◆ Input:
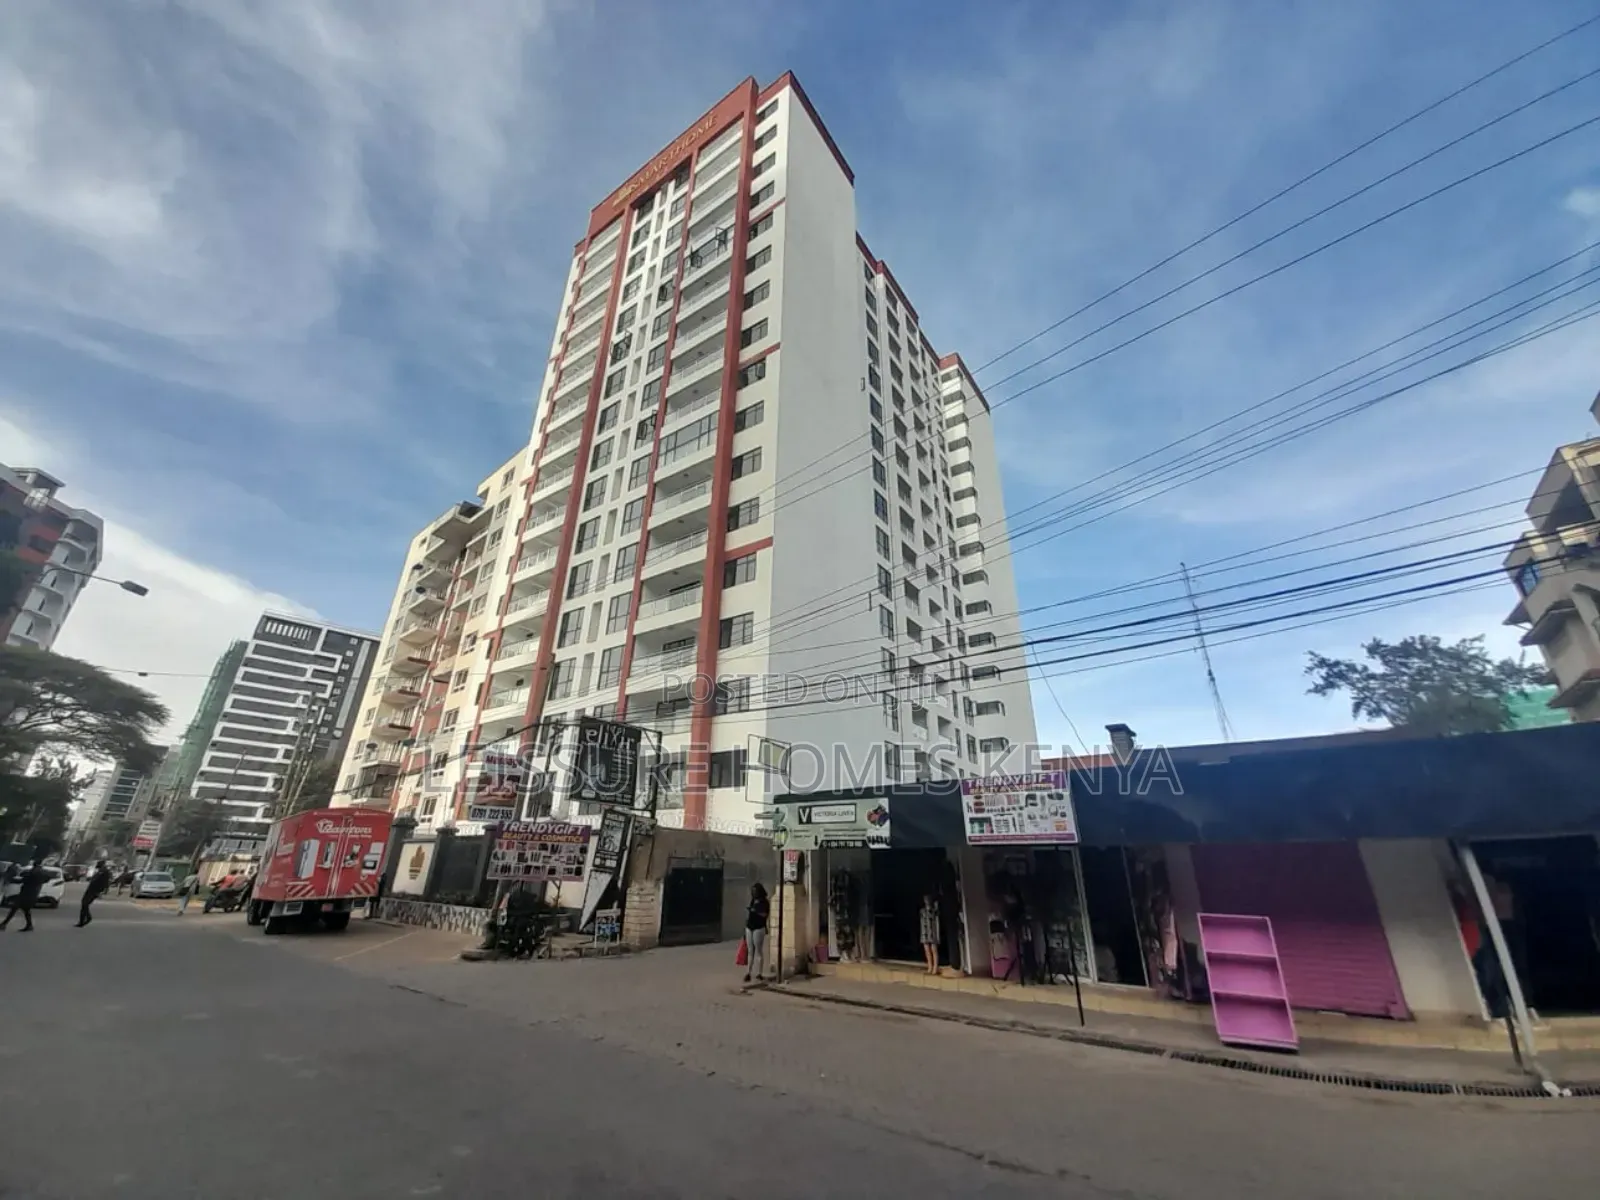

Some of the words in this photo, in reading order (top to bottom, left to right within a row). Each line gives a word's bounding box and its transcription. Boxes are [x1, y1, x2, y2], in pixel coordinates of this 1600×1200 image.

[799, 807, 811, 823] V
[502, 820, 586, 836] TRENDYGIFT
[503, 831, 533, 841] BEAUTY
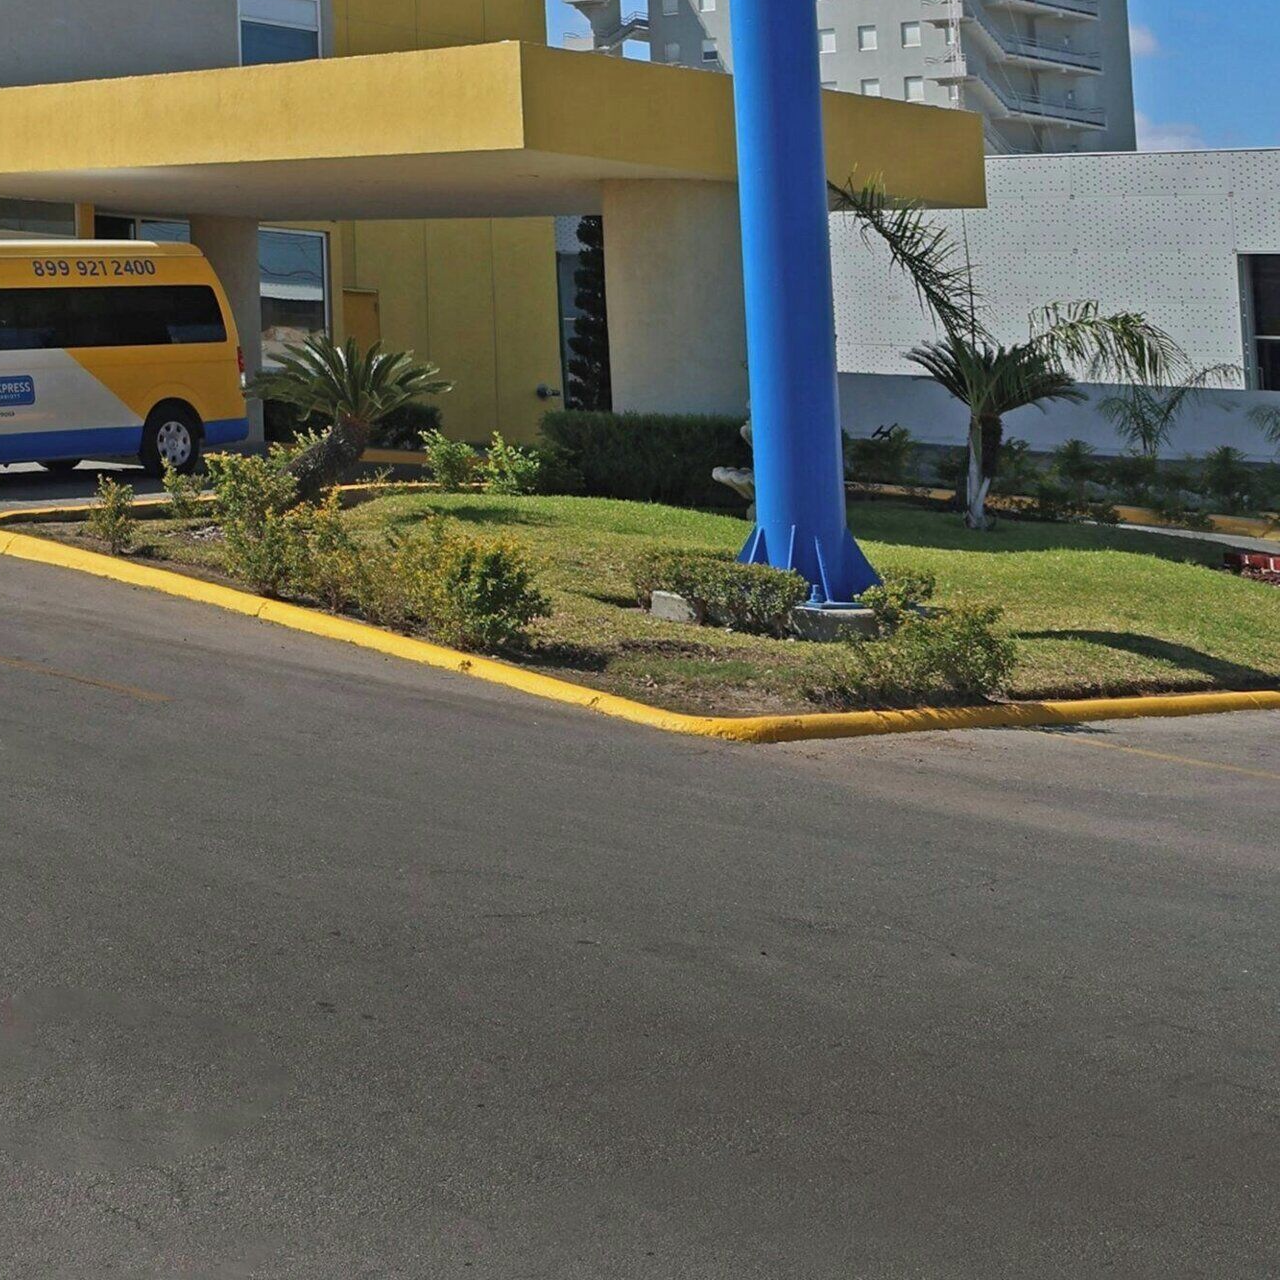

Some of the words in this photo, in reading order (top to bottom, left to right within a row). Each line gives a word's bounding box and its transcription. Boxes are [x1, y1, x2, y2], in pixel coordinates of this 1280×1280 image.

◆ Try it:
Could you reproduce every record above exactly, leaving out the pictures?

◆ Result of the exercise:
Some of the words in this photo, in reading order (top to bottom, left to right within a row). Each line gives a word's bounding box and its transcription. Boxes are [x1, y1, x2, y2], in pixel coordinates of this 1600×1200 image.

[799, 807, 811, 823] V
[502, 820, 586, 836] TRENDYGIFT
[503, 831, 533, 841] BEAUTY

Some of the words in this photo, in reading order (top to bottom, left to right within a row). Each line gives a word's bounding box and its transcription. Boxes are [x1, y1, x2, y2], in pixel coordinates of this 1280×1280 image.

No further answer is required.